- Born: 11 August 1937 Warsaw, Poland
- Died: 14 October 2024 (aged 87)
- Parent(s): Karol Jakobielski Halina Grzymala

= Stefan Jakobielski =

Polish historian, archaeologist and philologist (1937–2024)

Stefan Karol Jakobielski (11 August 1937 – 14 October 2024) was a Polish historian, archaeologist, philologist, and epigraphist. One of the pioneers of nubiology. He participated in archaeological research in Faras, Tell Atrib, Palmyra, Deir el-Bahari, and Qasr Ibrim; directed the archaeological works at Old Dongola.

== Biography ==
Jakobielski was born in Warsaw on 11 August 1937. His parents were Karol Jakobielski and Halina née Grzymała. He graduated from secondary school – liceum im. St. Małachowskiego – in Płock. He began studying at the University of Warsaw in 1954.

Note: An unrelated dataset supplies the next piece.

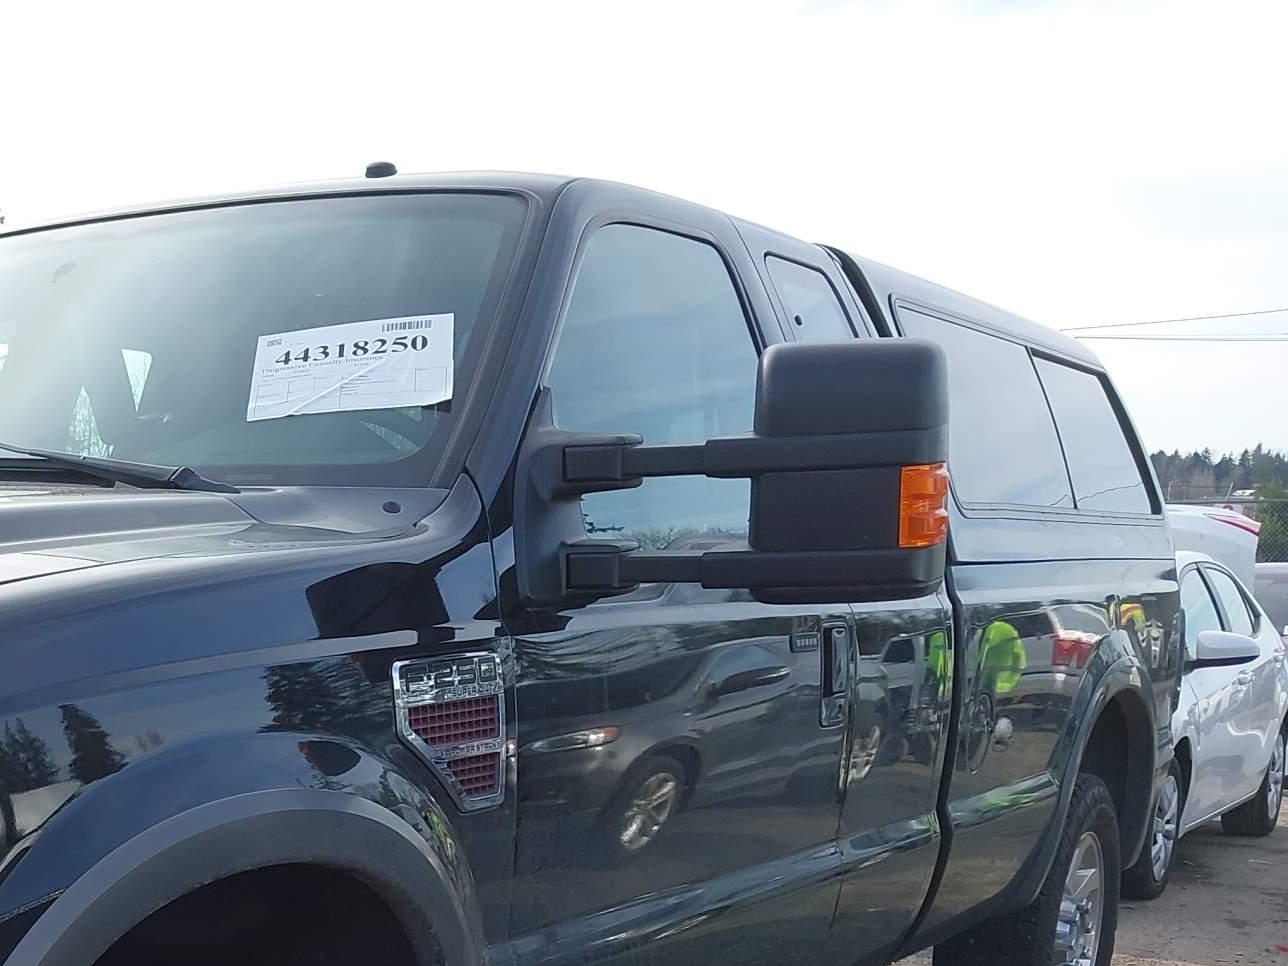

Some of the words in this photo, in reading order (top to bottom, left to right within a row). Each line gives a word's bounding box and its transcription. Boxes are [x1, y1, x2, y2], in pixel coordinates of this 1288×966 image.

From the early 1960s, he participated in the excavation works in Faras led by Kazimierz Michałowski. From 1961, Jakobielski participated in the archaeological effort as a coptologist, documenting and researching inscriptions. He took part in key works at the archaeological site in Faras – the discovery of the cathedral with wall paintings in the 1961–1962 season and during two subsequent expeditions: 1962–1963 and 1963–1964; he also participated in the removal and transfer of wall paintings and the documentation of discoveries, presented now at the Faras Gallery at the National Museum in Warsaw. In the early 1960s, Jakobielski participated in works at many other archaeological sites: in 1962, as an epigrapher at Tell Atrib and Palmyra. In 1962 or 1963 he took part in research and excavation work at Deir el-Bahari at the Mortuary Temple of Hatshepsut and the temple of Totmes III. In 1968, Jakobielski successfully defended his PhD thesis.

In 1966, Jakobielski became director of excavation works at the Nubian site of Dongola. After the death of prof. Michałowski in 1981 he was appointed the head of this expedition on behalf of the Polish Centre of Mediterranean Archaeology University of Warsaw, a function he held until 2006. Reports from excavations at that site were published in "Dongola Studien" and the "Polish Archaeology in the Mediterranean". The excavations in Dongola were concluded by an exhibition at the National Museum in Warsaw in 2006, entitled Polish excavations in Old Dongola. 45 years of archaeological cooperation with Sudan; Jakobielski was the co-curator of that exhibition. The exhibition contained artifacts discovered at multiple sites and borrowed from the National Museum of Sudan in Khartoum.

From 1972 to 1974 by invitation of the Egypt Exploration Society Jakobielski participated in a British-American-Polish archaeological mission in Qasr Ibrim as archaeologist-epigraphist.

From 1974 to 2002, Jakobielski was the director of the Nubiology Department at the Research Center for Mediterranean Archaeology PAS, and at the same time he directed and chaired the Department of Archaeological and Architectural Documentation at the same institution. From 1974 till 1989 he lectured at the Cardinal Stefan Wyszynski University in Warsaw. An employee of the Institute of Mediterranean and Oriental Cultures PAS (previously Research Center for Mediterranean Archaeology PAS) since 1961.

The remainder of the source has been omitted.